In a different time, the seemingly minor gesture of protest, after the attack, Mr. Maipi stopped by  City Hall to leave his contact information and later got off with a police warning - might have been quickly forgotten.

But his defiant action came not long after the deadly white supremacists violence in Charlottesville over the planned removal of a Confederate statue.

''I think it's all connected,'' said Aaron Leaman, a reporter for the Waikato Times, which published a series of  articles as part of a campaign to bring more of New Zealand's history into its schools. ''I don't think what happened here could be seen in isolation.''

After Mr. Maipi's vandalism, some New Zealanders called for the statue's removal because of the role of Captain Hamilton  - for whom the city is named, though he never set foot there - in the deaths of Maori during the Land Wars, which raged from 1845 to 1872.

Those bloody conflicts broke out after the signing of the Treaty of Waitangi in 1840 between the  colonial government and the Maori. Dispute over land sales grew into major campaigns to confiscate territory and reinforce British sovereignty.

Community upheaval followed these assaults against the Maori and more than 100 years later, the Maori still lag on many social measures like income and life expectancy, though the government has worked to close the gap.

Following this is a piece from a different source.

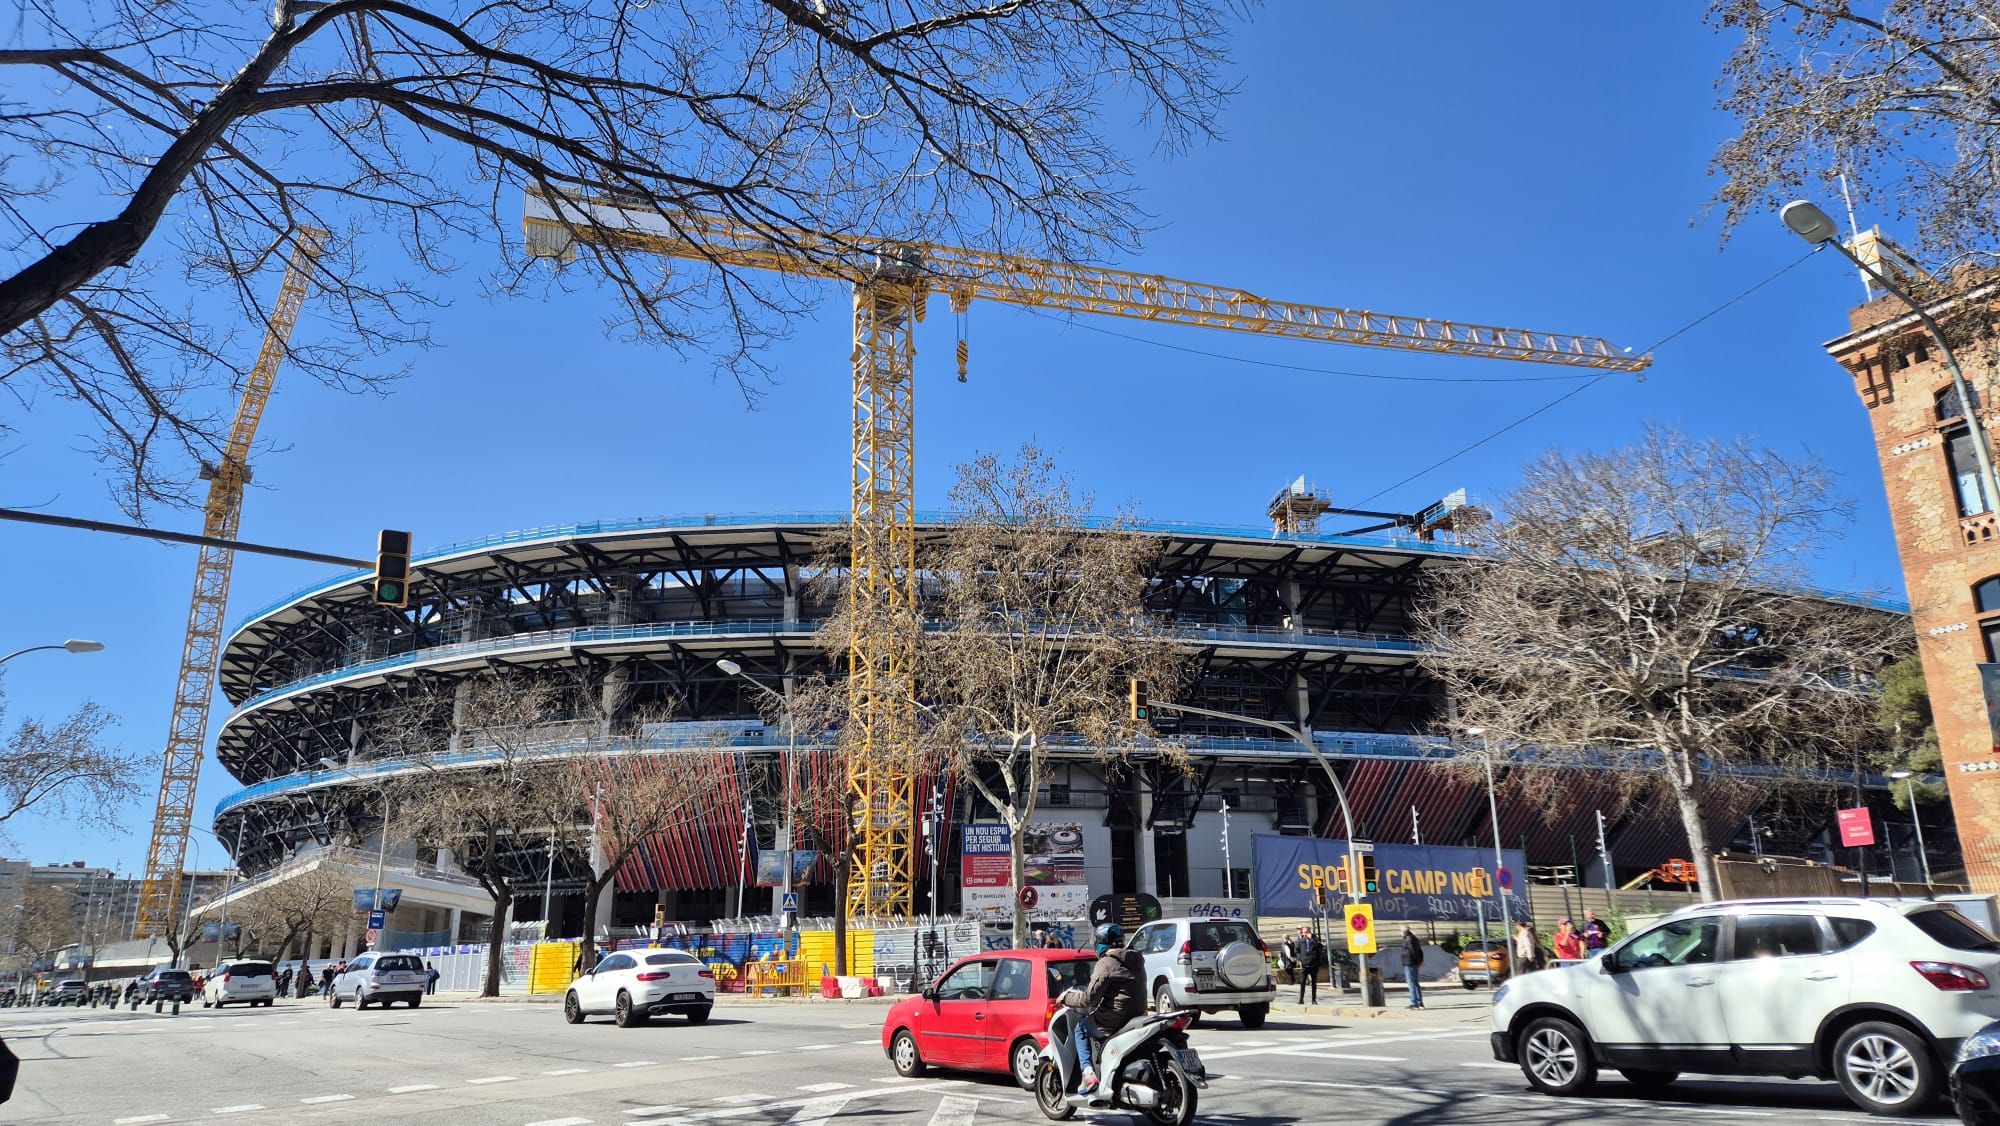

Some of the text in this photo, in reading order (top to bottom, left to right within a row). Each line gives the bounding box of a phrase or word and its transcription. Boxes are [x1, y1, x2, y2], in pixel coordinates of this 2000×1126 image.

New Zealand is still paying out hundreds of millions of dollars in settlement claims related to the treaty.

''I just wanted to expose the fact that this statue shouldn't be here,'' Mr. Maipi said. ''I wanted to break something,'' he added. ''I really meant what I did.'' Captain Hamilton, he said, ''was a murderer.''

Other people - many of them older, white residents who wrote letters to the editor - complained about the damage to public property and argued that removing the statue would be akin to erasing the history. Some used racist language.

''A lot of people were saying this is terrible, destroying public property, and we were saying, come on people, there's a lot of history behind this, and there aren't a lot Maori statues or any kind of acknowledgement of their role,'' said Jonathan MacKenzie the editor in chief of The Waikato Times.

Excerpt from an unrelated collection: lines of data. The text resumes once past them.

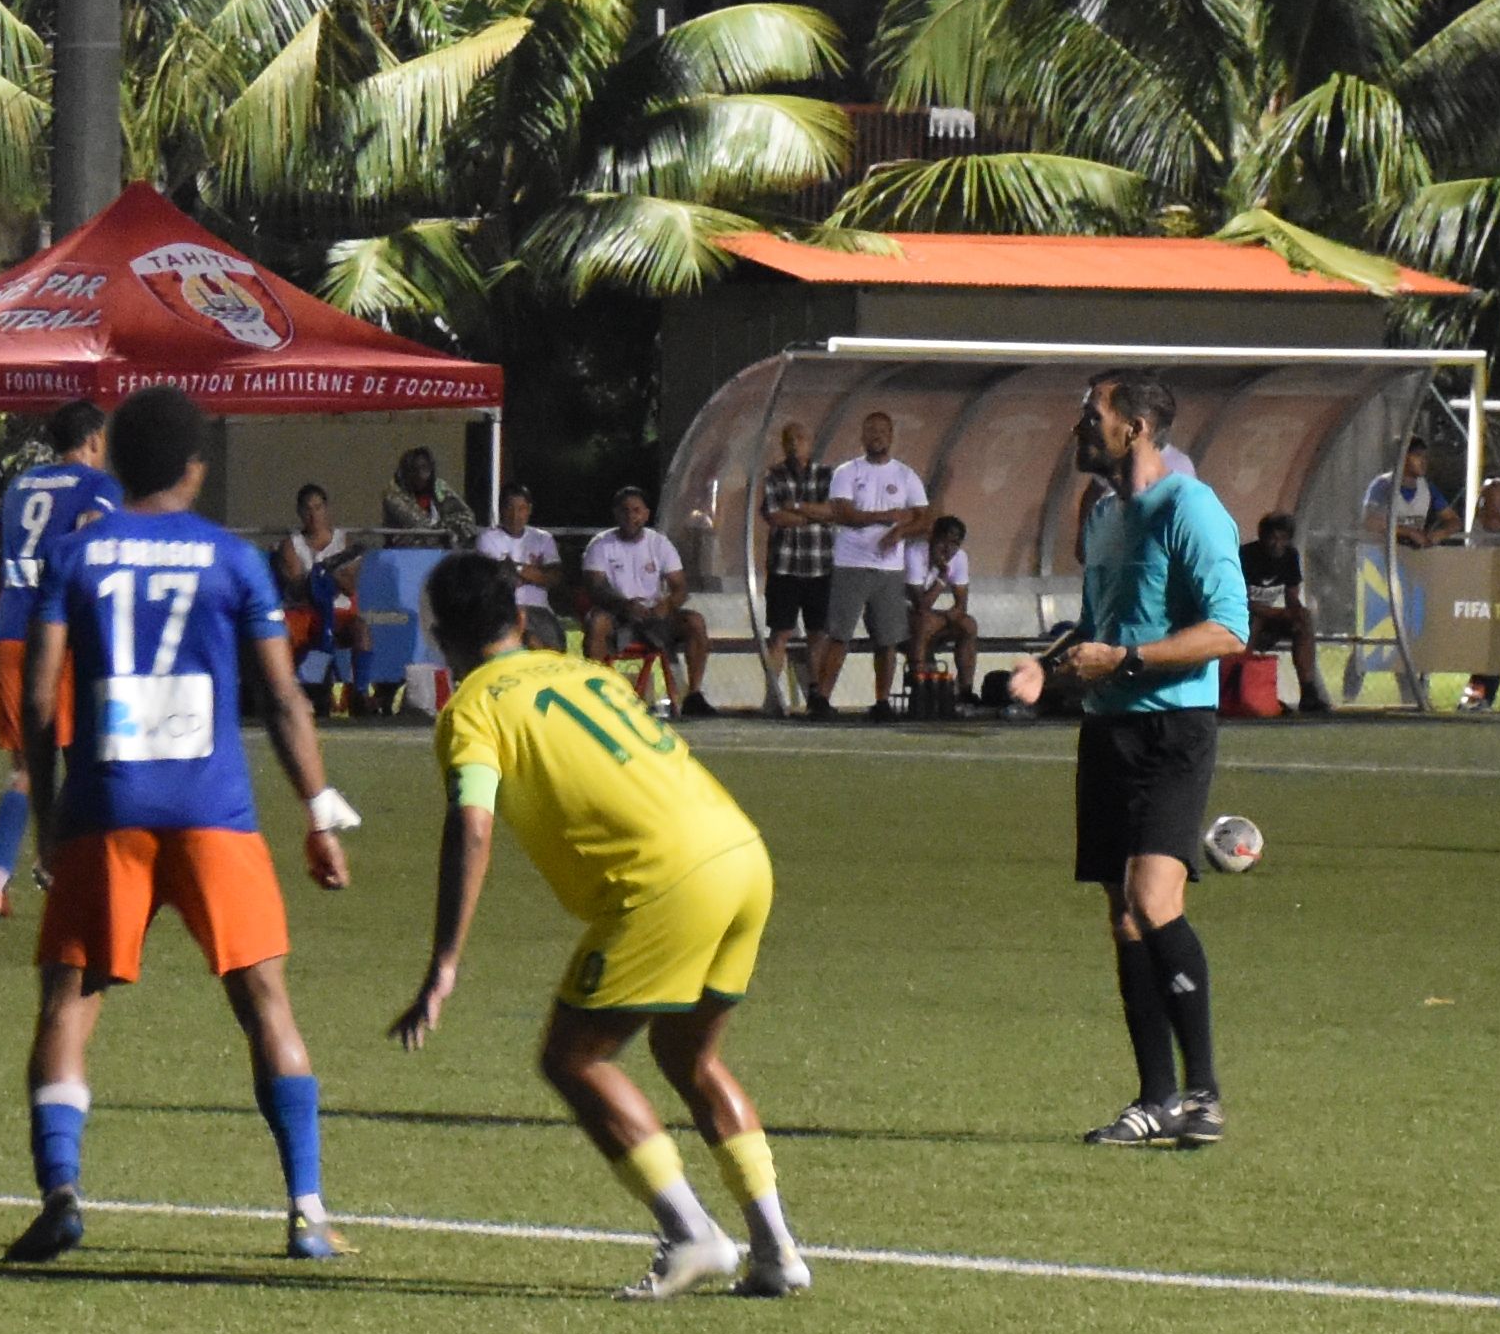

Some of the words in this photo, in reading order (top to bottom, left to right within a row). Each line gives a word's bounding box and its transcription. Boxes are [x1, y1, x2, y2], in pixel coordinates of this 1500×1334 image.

[149, 251, 235, 270] TAHITI
[34, 271, 108, 301] PAR
[4, 371, 82, 394] FOOTBALL
[242, 371, 355, 395] TAHITIENNE
[361, 375, 387, 396] DE
[21, 491, 54, 558] 9
[1454, 600, 1491, 619] FIFA
[97, 569, 199, 676] 17

''Clearly, the people reading has little understanding of the country's past, and what they knew was based on the wrong information,'' Mr. MacKenzie added.

While some of the bigoted statements might once have been ignored, said Mr. Leaman, the reporter, such views now command greater attention after the massacre at two mosques in Christchurch. ''It's easy to brush them off as fringe,'' he said,  ''but after Christchurch, we take hate speech more seriously.''

The Honor and Serving of the Latest Operational Research and Thinking on History Past and Future, continues. The World Students Society thanks author, Jamie Tarabay.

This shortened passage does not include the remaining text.